Mi instinto humano me dice otra cosa. Me dice que la diáspora venezolana en Estados Unidos lleva años escuchando relojes que después no marcan. Que cuarenta semanas también puede ser una cifra que se diluya si no la sostiene la presión, la prensa, la organización ciudadana, la presencia internacional. Que la única diferencia entre un plan y un deseo es lo que pase entre la primera y la cuadragésima semana.

Lo único que sé es que ninguna familia venezolana en Doral, en Houston, en Madrid, en Buenos Aires, en Columbus, va a vivir las próximas cuarenta semanas como vivió las anteriores.

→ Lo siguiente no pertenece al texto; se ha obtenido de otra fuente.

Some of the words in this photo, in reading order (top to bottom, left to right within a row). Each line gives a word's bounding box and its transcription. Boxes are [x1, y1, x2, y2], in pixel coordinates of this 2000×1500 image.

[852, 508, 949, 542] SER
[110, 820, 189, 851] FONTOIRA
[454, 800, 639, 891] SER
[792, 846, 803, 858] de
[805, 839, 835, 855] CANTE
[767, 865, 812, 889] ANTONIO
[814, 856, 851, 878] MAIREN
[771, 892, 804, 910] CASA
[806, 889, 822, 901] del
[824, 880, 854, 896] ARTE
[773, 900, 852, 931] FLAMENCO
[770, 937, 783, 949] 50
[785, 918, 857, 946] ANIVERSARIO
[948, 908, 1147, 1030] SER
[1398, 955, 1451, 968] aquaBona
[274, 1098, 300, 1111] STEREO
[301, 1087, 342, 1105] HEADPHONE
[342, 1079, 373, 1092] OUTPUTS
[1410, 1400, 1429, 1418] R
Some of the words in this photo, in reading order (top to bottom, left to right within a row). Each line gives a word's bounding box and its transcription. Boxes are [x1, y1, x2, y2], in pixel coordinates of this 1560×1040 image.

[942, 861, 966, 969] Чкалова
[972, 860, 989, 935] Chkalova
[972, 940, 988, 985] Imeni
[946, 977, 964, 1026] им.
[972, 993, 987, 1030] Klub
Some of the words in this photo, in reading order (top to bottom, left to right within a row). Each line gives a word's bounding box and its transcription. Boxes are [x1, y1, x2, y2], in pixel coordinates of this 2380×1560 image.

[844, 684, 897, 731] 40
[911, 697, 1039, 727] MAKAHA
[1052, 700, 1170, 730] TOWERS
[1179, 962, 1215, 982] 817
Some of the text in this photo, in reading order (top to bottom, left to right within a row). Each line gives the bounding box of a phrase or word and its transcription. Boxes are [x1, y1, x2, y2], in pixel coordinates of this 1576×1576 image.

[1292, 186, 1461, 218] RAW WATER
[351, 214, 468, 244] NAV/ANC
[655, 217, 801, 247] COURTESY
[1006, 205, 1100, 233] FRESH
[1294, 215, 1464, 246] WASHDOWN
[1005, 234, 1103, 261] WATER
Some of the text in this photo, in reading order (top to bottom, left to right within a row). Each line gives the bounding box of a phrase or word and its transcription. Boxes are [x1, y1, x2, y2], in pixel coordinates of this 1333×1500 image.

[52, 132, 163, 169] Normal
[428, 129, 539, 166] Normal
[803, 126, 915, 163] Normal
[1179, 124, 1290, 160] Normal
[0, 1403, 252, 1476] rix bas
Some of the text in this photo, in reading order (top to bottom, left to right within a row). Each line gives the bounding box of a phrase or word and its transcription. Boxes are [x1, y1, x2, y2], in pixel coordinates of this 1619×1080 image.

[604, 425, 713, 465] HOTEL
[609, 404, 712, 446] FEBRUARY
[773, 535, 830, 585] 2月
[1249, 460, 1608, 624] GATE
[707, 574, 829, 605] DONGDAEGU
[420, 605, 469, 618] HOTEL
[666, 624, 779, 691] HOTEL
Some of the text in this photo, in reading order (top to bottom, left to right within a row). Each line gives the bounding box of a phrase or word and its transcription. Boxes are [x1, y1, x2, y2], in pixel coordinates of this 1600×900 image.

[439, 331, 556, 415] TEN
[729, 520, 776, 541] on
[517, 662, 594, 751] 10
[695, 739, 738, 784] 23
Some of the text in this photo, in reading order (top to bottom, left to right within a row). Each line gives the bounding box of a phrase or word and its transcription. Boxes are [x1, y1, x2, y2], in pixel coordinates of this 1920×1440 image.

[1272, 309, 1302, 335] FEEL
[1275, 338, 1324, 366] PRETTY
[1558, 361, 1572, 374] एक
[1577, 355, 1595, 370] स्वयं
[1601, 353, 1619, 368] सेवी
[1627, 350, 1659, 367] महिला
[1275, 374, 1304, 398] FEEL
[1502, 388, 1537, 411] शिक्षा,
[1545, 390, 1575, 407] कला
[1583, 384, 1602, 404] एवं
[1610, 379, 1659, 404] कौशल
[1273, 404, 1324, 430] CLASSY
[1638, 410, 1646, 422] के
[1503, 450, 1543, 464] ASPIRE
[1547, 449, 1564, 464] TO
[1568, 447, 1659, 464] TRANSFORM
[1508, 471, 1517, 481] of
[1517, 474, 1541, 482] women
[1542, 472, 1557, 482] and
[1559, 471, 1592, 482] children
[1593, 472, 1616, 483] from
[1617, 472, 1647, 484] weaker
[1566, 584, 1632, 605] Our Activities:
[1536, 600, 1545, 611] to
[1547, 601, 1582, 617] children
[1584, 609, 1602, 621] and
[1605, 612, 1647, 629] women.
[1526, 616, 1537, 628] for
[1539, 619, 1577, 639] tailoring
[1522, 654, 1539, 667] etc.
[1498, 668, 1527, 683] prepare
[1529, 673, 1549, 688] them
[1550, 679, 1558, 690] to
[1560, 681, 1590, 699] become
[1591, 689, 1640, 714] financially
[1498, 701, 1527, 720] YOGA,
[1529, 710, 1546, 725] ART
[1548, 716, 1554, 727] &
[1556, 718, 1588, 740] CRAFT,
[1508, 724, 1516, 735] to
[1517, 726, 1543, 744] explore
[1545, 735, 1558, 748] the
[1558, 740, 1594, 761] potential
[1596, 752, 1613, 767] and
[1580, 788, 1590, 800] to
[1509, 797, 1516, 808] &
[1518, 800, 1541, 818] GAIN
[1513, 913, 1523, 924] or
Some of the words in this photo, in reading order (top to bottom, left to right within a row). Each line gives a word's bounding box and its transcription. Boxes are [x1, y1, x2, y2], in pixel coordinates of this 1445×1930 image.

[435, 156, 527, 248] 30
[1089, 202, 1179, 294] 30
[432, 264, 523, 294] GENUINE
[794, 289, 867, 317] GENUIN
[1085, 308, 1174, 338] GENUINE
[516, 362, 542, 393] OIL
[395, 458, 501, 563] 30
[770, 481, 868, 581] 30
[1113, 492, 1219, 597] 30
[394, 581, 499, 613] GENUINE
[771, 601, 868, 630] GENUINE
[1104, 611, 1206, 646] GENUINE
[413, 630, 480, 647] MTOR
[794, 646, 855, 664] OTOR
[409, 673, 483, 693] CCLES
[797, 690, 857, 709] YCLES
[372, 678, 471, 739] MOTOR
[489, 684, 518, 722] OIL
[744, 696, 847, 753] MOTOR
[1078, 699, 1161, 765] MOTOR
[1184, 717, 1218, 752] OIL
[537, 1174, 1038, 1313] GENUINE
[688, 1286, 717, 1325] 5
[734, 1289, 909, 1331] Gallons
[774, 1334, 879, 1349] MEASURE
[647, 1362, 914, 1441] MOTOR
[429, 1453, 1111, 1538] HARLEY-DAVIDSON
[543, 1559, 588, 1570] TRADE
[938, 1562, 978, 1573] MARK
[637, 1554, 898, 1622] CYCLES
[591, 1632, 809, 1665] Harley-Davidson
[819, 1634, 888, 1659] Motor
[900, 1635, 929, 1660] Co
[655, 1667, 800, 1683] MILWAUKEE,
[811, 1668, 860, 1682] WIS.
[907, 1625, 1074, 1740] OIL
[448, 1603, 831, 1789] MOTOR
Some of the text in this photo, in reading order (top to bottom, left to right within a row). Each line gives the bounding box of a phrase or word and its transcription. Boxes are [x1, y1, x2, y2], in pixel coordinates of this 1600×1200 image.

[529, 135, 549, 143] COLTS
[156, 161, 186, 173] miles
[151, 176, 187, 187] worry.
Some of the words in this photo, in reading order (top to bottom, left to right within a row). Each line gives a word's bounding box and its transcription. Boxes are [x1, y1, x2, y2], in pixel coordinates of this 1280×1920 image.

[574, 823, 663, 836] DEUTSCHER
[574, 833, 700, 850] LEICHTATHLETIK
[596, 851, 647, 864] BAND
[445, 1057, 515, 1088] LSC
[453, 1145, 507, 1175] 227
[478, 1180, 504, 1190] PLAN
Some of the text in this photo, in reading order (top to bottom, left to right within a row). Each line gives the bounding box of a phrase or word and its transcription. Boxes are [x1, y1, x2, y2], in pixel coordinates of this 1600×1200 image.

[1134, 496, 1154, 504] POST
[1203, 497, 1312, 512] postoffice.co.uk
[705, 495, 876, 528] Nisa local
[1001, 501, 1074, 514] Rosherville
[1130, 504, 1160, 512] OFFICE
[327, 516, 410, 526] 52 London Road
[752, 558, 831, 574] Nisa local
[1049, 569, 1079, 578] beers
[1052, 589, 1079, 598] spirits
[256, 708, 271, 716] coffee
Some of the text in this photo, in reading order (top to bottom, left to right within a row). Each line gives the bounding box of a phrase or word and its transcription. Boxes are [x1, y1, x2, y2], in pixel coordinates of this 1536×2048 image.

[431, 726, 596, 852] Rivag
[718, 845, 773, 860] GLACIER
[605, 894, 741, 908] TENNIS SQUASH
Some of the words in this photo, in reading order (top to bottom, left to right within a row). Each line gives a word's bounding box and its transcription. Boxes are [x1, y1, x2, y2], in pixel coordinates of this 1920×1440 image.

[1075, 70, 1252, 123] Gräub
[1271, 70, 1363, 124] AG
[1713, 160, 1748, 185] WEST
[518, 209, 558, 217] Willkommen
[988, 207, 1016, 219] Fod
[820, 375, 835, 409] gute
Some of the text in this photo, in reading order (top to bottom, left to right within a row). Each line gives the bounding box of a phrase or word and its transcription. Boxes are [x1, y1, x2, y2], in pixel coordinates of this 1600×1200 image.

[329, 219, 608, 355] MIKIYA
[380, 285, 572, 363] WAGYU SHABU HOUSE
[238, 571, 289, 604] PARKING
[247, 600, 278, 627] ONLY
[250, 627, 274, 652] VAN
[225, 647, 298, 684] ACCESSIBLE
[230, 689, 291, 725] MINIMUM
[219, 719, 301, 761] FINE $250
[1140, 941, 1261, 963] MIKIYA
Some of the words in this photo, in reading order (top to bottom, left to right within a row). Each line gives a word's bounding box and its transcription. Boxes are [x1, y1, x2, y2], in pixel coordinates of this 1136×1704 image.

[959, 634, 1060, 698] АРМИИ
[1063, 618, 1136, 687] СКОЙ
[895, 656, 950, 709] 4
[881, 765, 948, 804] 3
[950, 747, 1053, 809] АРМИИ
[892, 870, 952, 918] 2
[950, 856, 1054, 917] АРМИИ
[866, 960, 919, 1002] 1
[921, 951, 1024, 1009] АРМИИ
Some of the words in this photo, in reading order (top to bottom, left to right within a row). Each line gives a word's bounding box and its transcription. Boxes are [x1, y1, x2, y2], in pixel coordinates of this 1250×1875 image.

Si el reloj de Machado se vuelve real, cada decisión —vivienda, trabajo, escuelas para los hijos, ahorros, regreso— se va a recalibrar contra ese reloj. Si se evapora, las cuarenta semanas serán otra promesa que se suma a la lista. Pero algo cambia desde el momento en que la cifra se pronuncia. Y ese algo es lo que conviene proteger.

Hoy es 5 de mayo. La fiesta cultural mexicano-estadounidense más visible del calendario hispano. Las margaritas, las taquerías, los mariachis, las banderas tricolores de México sobre las calles de Hialeah, Houston, Los Ángeles, Columbus. Y, debajo de todo eso, las primarias de Ohio decidiendo quién compite en noviembre por el voto hispano de un estado que nadie da por descontado. Y, debajo de eso, en otra hora del mundo, un reloj que apenas empezó a contar. Cuarenta semanas. La primera ya empezó.